-- Supplied entries follows --
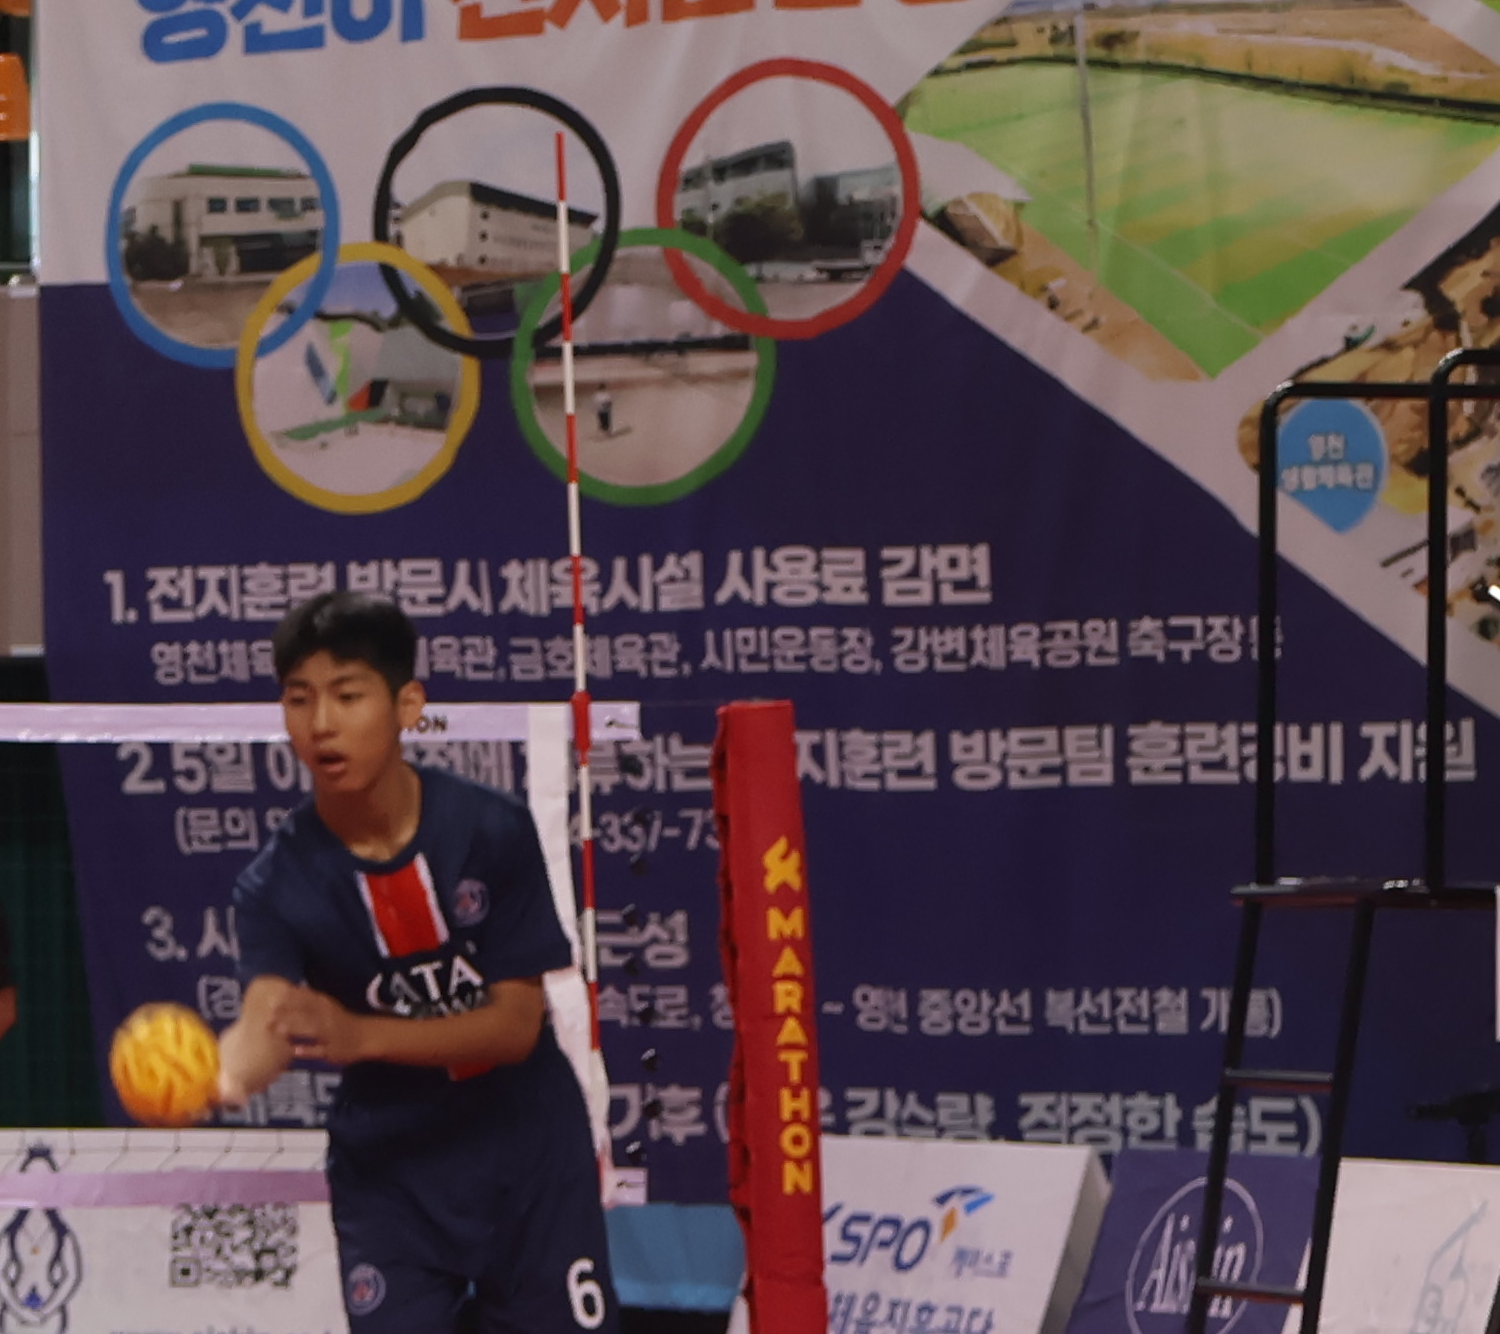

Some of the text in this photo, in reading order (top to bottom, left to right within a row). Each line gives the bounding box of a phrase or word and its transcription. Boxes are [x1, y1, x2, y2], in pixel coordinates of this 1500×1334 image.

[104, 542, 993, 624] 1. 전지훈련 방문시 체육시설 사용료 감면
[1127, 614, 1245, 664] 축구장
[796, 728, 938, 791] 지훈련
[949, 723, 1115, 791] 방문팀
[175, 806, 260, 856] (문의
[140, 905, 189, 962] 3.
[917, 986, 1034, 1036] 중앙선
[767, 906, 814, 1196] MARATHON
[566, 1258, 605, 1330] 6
-- Supplied entries concluded --
Your instructions: Each entry above should be returned exactly as written, minus its pictures.

Solved problem:
Some of the text in this photo, in reading order (top to bottom, left to right within a row). Each line gives the bounding box of a phrase or word and its transcription. Boxes are [x1, y1, x2, y2], in pixel coordinates of this 1500×1334 image.

[104, 542, 993, 624] 1. 전지훈련 방문시 체육시설 사용료 감면
[1127, 614, 1245, 664] 축구장
[796, 728, 938, 791] 지훈련
[949, 723, 1115, 791] 방문팀
[175, 806, 260, 856] (문의
[140, 905, 189, 962] 3.
[917, 986, 1034, 1036] 중앙선
[767, 906, 814, 1196] MARATHON
[566, 1258, 605, 1330] 6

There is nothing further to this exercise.